START Dataset excerpts
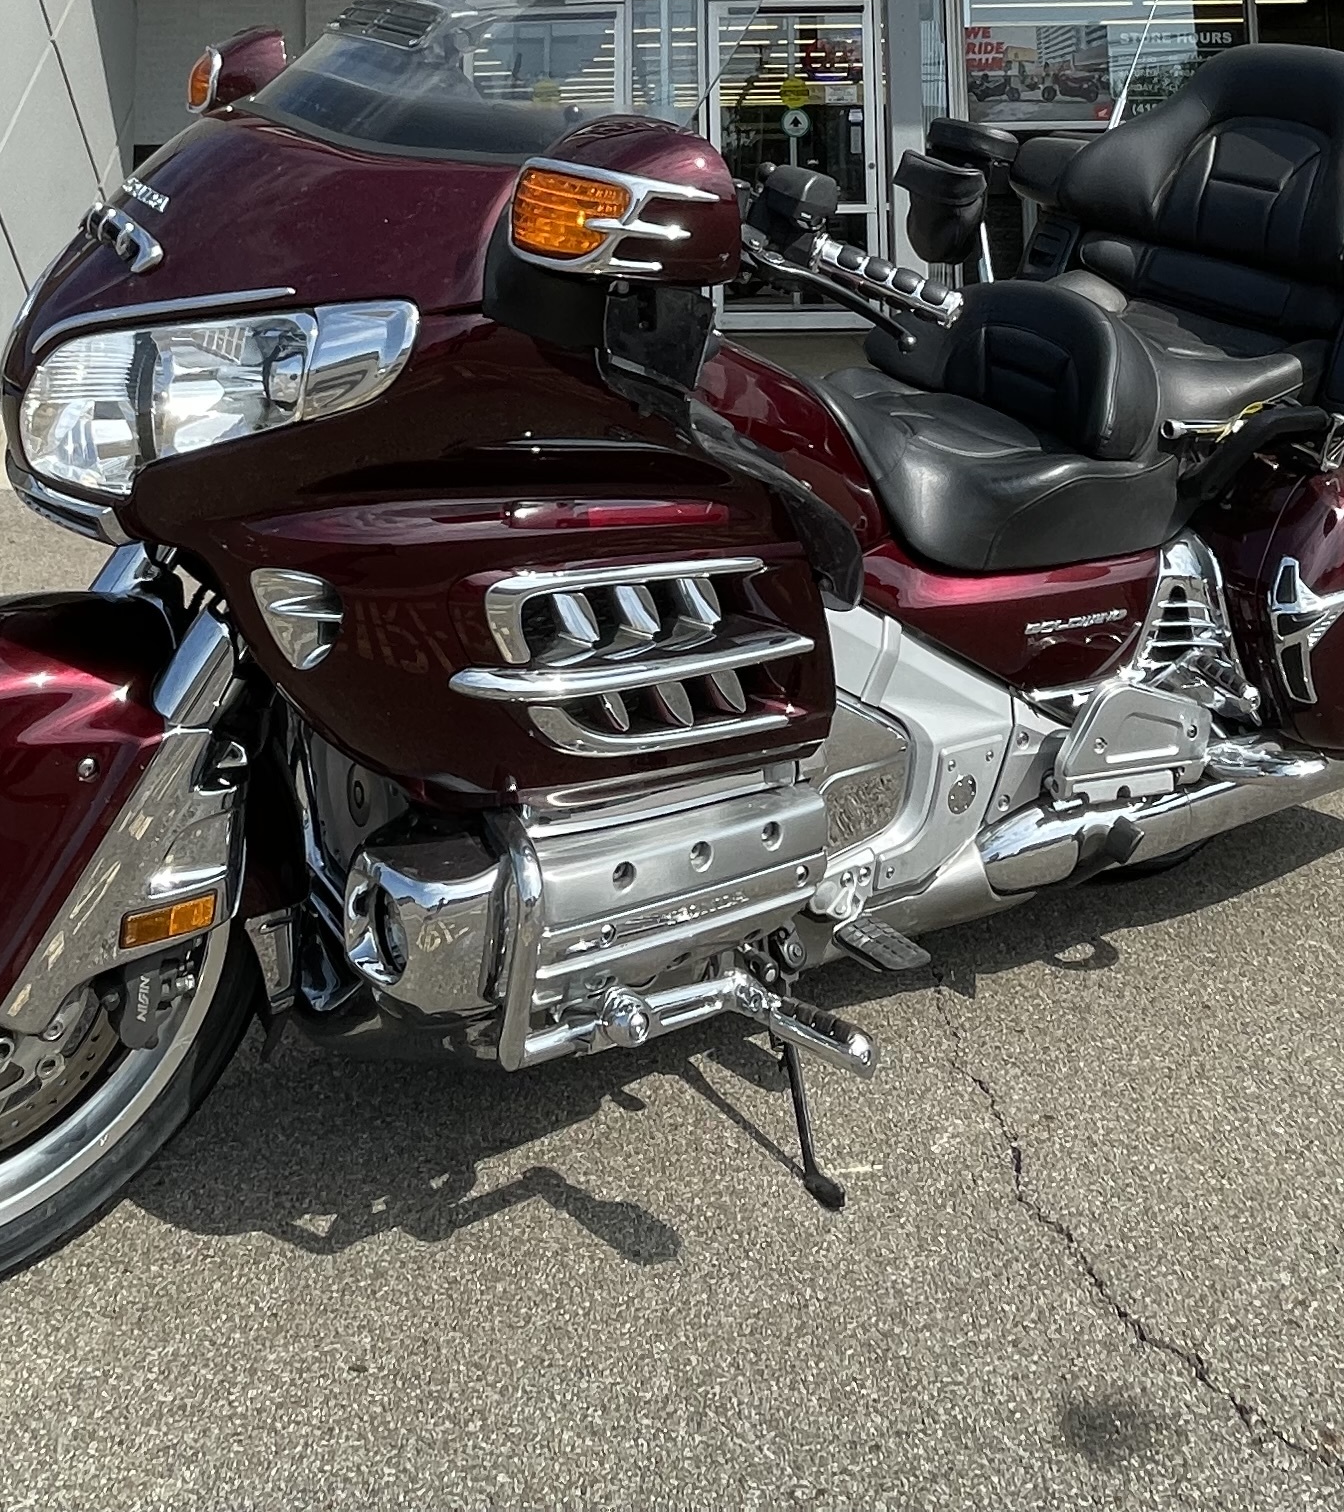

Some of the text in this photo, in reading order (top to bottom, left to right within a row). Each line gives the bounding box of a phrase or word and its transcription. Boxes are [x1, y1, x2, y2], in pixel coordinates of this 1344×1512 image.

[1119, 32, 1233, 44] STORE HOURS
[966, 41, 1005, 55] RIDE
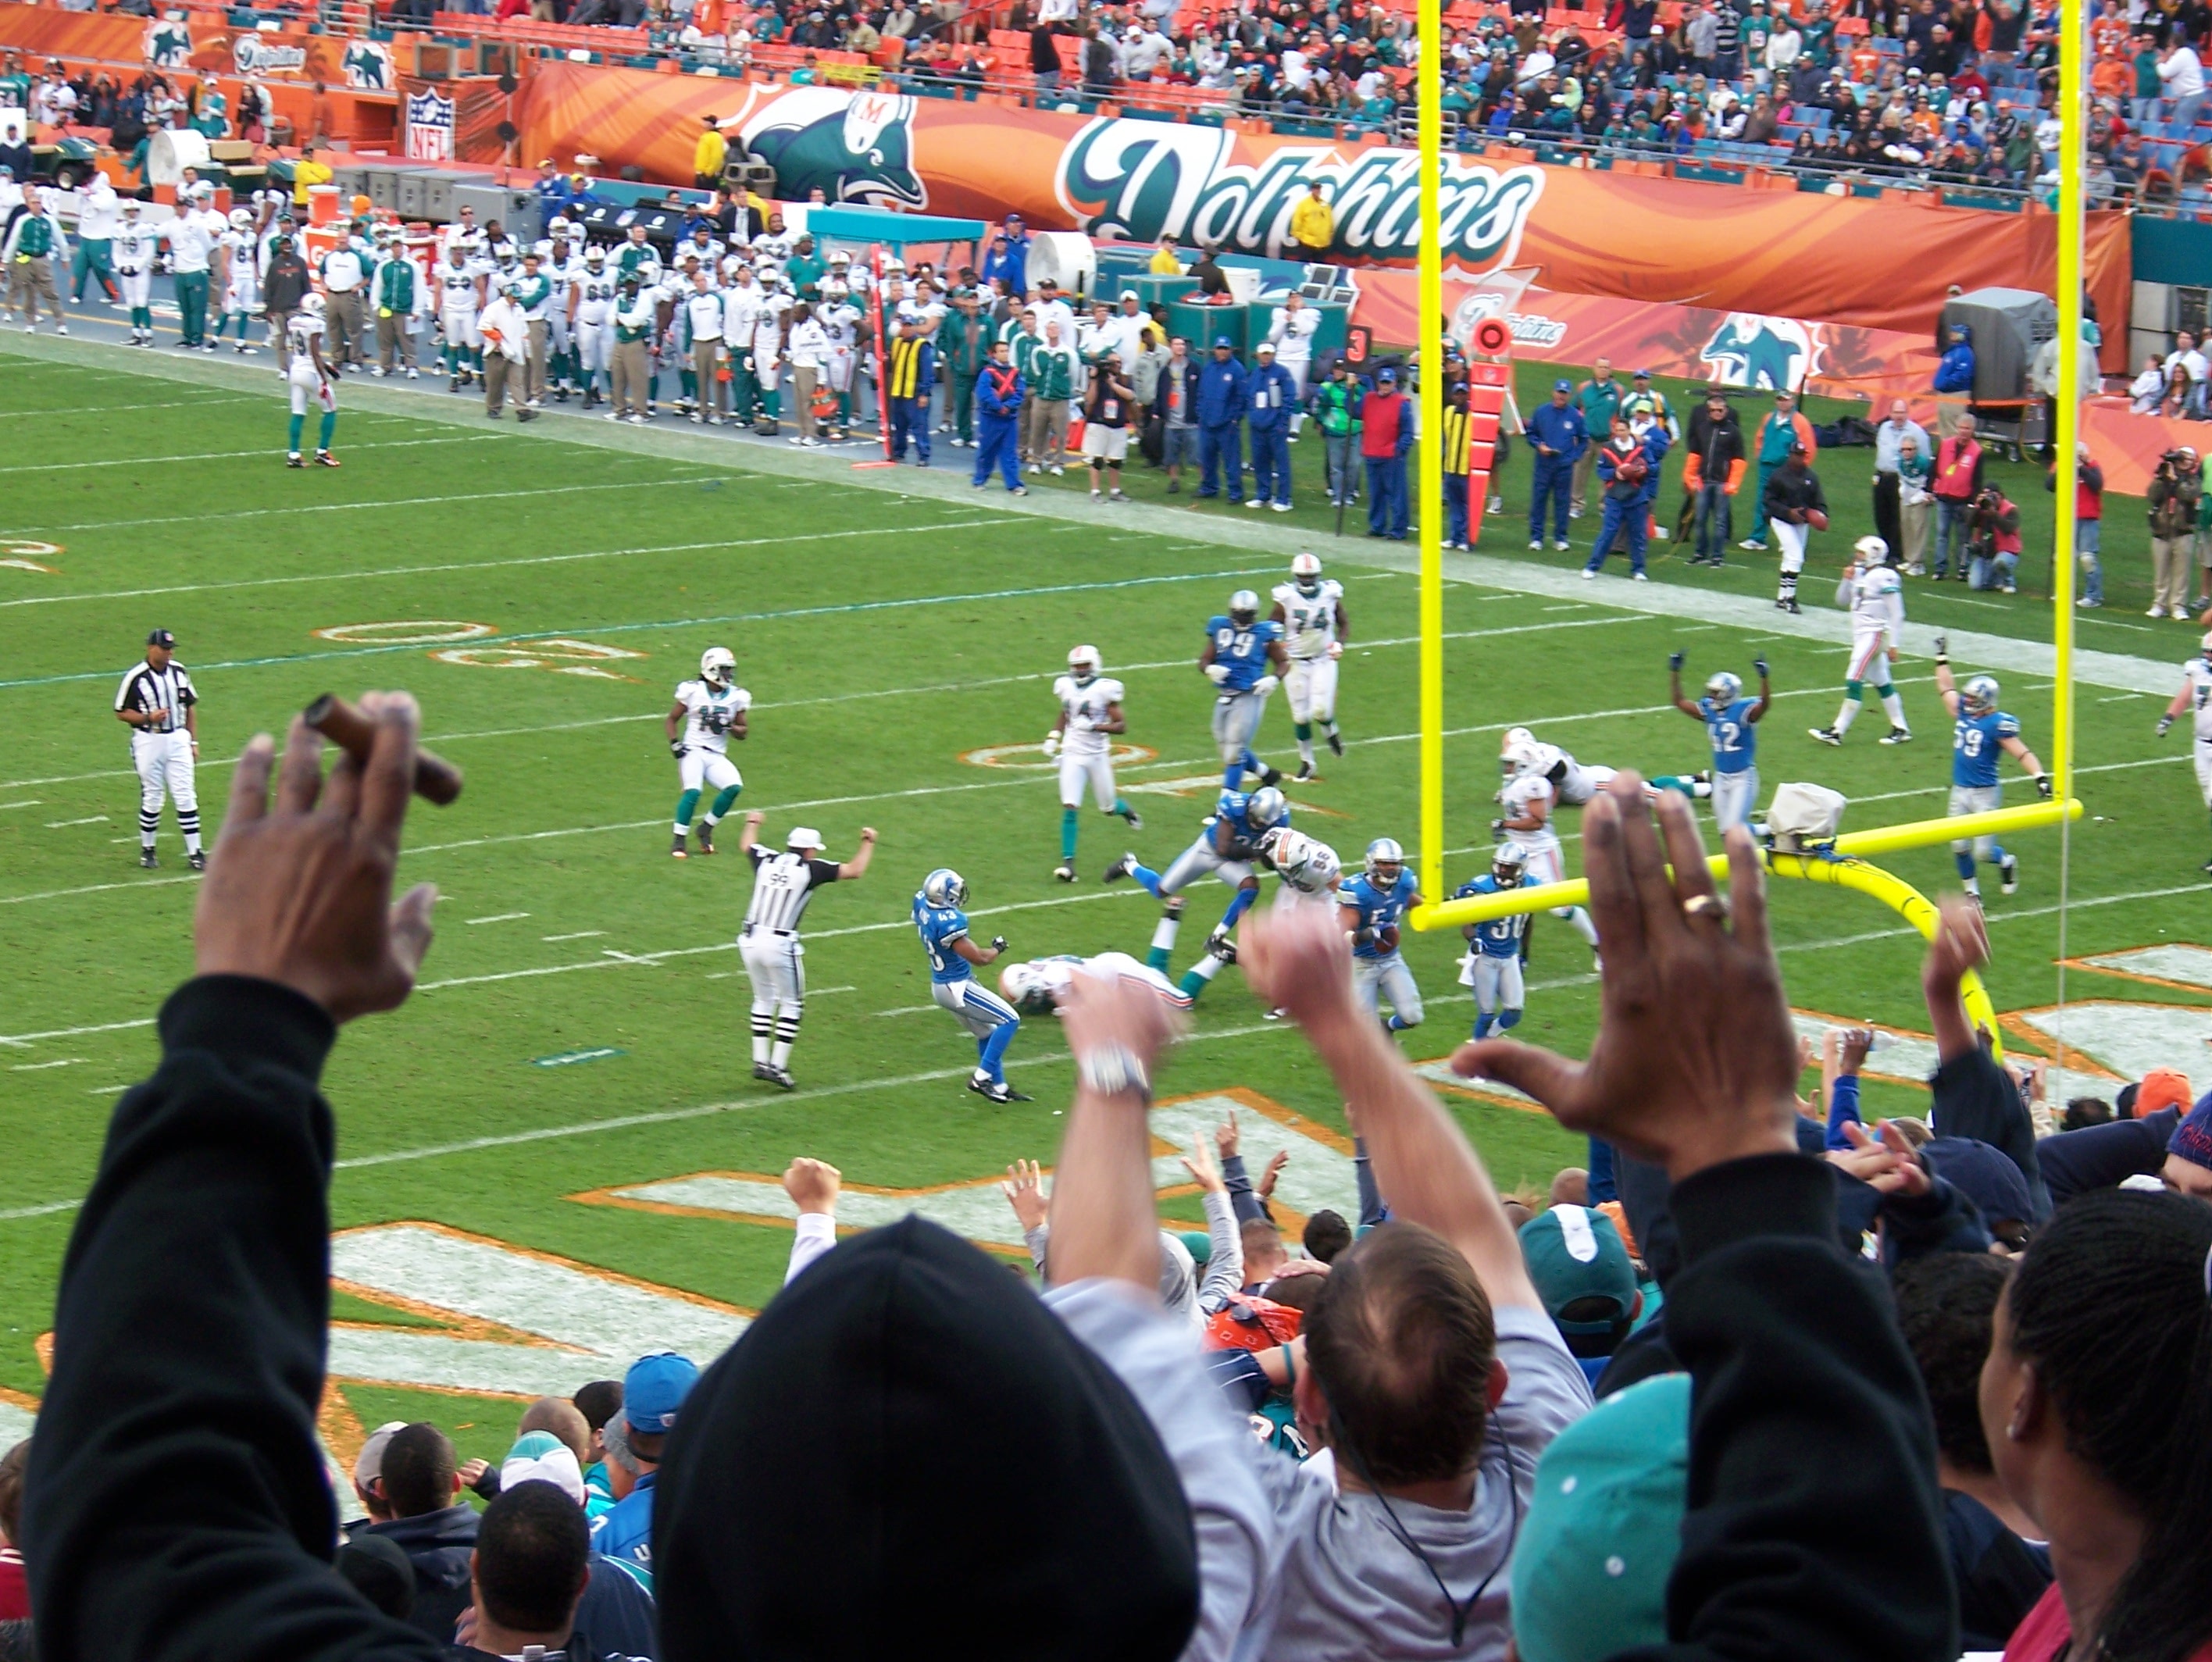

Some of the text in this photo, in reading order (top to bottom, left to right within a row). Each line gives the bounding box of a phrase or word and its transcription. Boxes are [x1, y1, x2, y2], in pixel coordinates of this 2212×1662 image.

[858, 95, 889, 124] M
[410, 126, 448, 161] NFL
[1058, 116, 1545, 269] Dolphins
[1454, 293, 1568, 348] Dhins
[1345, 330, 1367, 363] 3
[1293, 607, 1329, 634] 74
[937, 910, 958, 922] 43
END Dataset excerpts
Task: Print the records above exactly as they stand, but leave out the pictures.

Response area:
Some of the text in this photo, in reading order (top to bottom, left to right within a row). Each line gives the bounding box of a phrase or word and its transcription. Boxes are [x1, y1, x2, y2], in pixel coordinates of this 1344×1512 image.

[1119, 32, 1233, 44] STORE HOURS
[966, 41, 1005, 55] RIDE

Some of the text in this photo, in reading order (top to bottom, left to right within a row). Each line gives the bounding box of a phrase or word and its transcription. Boxes are [x1, y1, x2, y2], in pixel coordinates of this 2212×1662 image.

[858, 95, 889, 124] M
[410, 126, 448, 161] NFL
[1058, 116, 1545, 269] Dolphins
[1454, 293, 1568, 348] Dhins
[1345, 330, 1367, 363] 3
[1293, 607, 1329, 634] 74
[937, 910, 958, 922] 43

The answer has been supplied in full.